● Your task: Leave out the images and repeat the listing below without a single change.

>>>

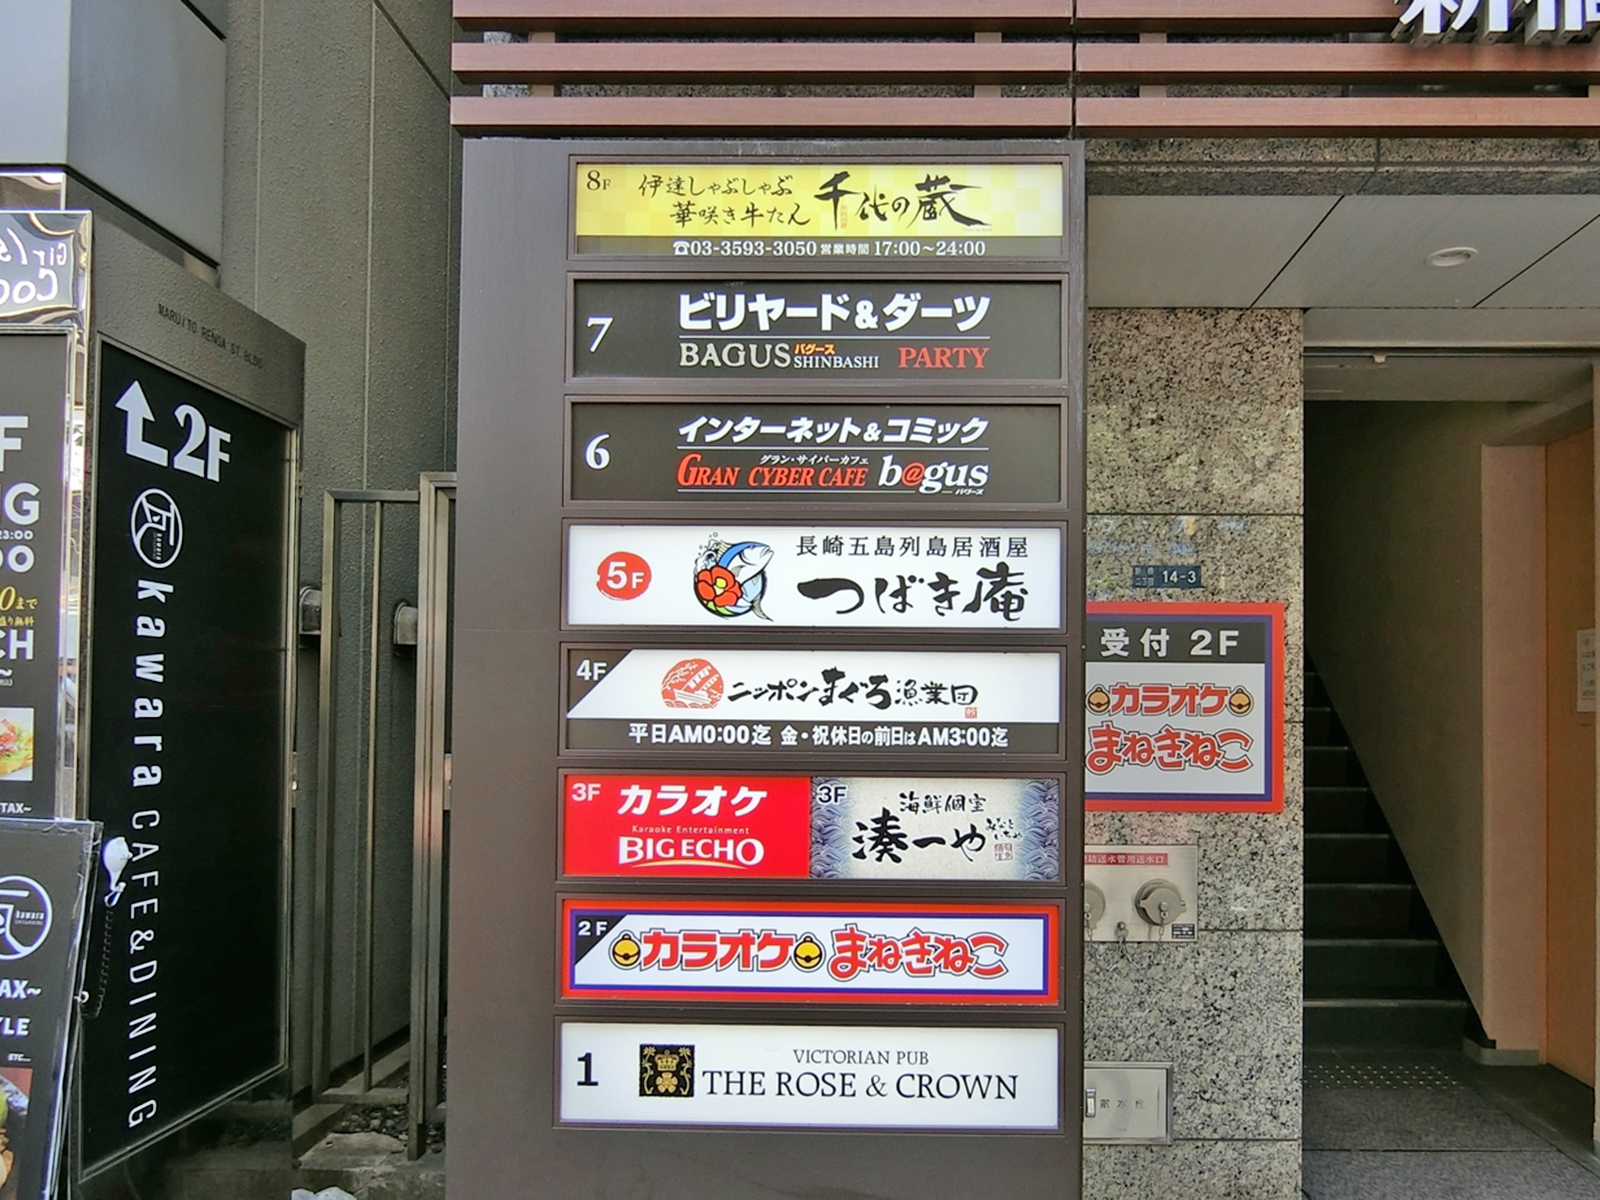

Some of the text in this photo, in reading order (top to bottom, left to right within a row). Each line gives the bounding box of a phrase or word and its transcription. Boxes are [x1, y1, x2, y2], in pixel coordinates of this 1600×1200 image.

[586, 171, 611, 191] 8F
[639, 174, 793, 198] 伊達しゃぶしゃぶ
[670, 201, 811, 228] 華咲き牛たん
[814, 171, 992, 231] 千代の蔵
[691, 241, 817, 256] 03-3593-3050
[820, 243, 869, 255] 営業時間
[679, 292, 991, 332] ビリヤード&ダーツ
[586, 317, 613, 352] 7
[793, 343, 836, 354] バグース
[679, 343, 990, 370] BAGUS SHINBASHI PARTY
[173, 404, 232, 482] 2F
[678, 416, 990, 445] インターネット&コミック
[585, 434, 610, 470] 6
[677, 453, 989, 494] GRAN CYBER CAFE b@gus
[0, 482, 40, 525] G
[796, 535, 1029, 559] 長崎五島列島居酒屋
[606, 560, 645, 590] 5F
[1163, 570, 1196, 583] 14-3
[797, 561, 1029, 622] つばき庵
[1101, 627, 1239, 657] 受付 2F
[132, 579, 174, 787] kawara
[576, 660, 606, 681] 4F
[728, 666, 979, 709] ニッポンまぐろ漁業団
[1110, 683, 1230, 715] カラオケ
[628, 723, 771, 745] 平日AM0:00迄
[1087, 721, 1253, 774] まねきねこ
[572, 783, 601, 801] 3F
[617, 784, 767, 817] カラオケ
[818, 786, 847, 803] 3F
[899, 791, 986, 814] 海鮮個室
[632, 824, 750, 836] Karaoke Entertainment
[852, 807, 986, 863] 湊一や
[618, 836, 764, 865] BIG ECHO
[577, 921, 607, 936] 2F
[641, 925, 1008, 980] カラオケ まねきねこ
[577, 1053, 599, 1087] 1
[793, 1049, 929, 1065] VICTORIAN PUB
[702, 1071, 1018, 1100] THE ROSE & CROWN

<<<

● Completed task:
Some of the text in this photo, in reading order (top to bottom, left to right within a row). Each line gives the bounding box of a phrase or word and its transcription. Boxes are [x1, y1, x2, y2], in pixel coordinates of this 1600×1200 image.

[586, 171, 611, 191] 8F
[639, 174, 793, 198] 伊達しゃぶしゃぶ
[670, 201, 811, 228] 華咲き牛たん
[814, 171, 992, 231] 千代の蔵
[691, 241, 817, 256] 03-3593-3050
[820, 243, 869, 255] 営業時間
[679, 292, 991, 332] ビリヤード&ダーツ
[586, 317, 613, 352] 7
[793, 343, 836, 354] バグース
[679, 343, 990, 370] BAGUS SHINBASHI PARTY
[173, 404, 232, 482] 2F
[678, 416, 990, 445] インターネット&コミック
[585, 434, 610, 470] 6
[677, 453, 989, 494] GRAN CYBER CAFE b@gus
[0, 482, 40, 525] G
[796, 535, 1029, 559] 長崎五島列島居酒屋
[606, 560, 645, 590] 5F
[1163, 570, 1196, 583] 14-3
[797, 561, 1029, 622] つばき庵
[1101, 627, 1239, 657] 受付 2F
[132, 579, 174, 787] kawara
[576, 660, 606, 681] 4F
[728, 666, 979, 709] ニッポンまぐろ漁業団
[1110, 683, 1230, 715] カラオケ
[628, 723, 771, 745] 平日AM0:00迄
[1087, 721, 1253, 774] まねきねこ
[572, 783, 601, 801] 3F
[617, 784, 767, 817] カラオケ
[818, 786, 847, 803] 3F
[899, 791, 986, 814] 海鮮個室
[632, 824, 750, 836] Karaoke Entertainment
[852, 807, 986, 863] 湊一や
[618, 836, 764, 865] BIG ECHO
[577, 921, 607, 936] 2F
[641, 925, 1008, 980] カラオケ まねきねこ
[577, 1053, 599, 1087] 1
[793, 1049, 929, 1065] VICTORIAN PUB
[702, 1071, 1018, 1100] THE ROSE & CROWN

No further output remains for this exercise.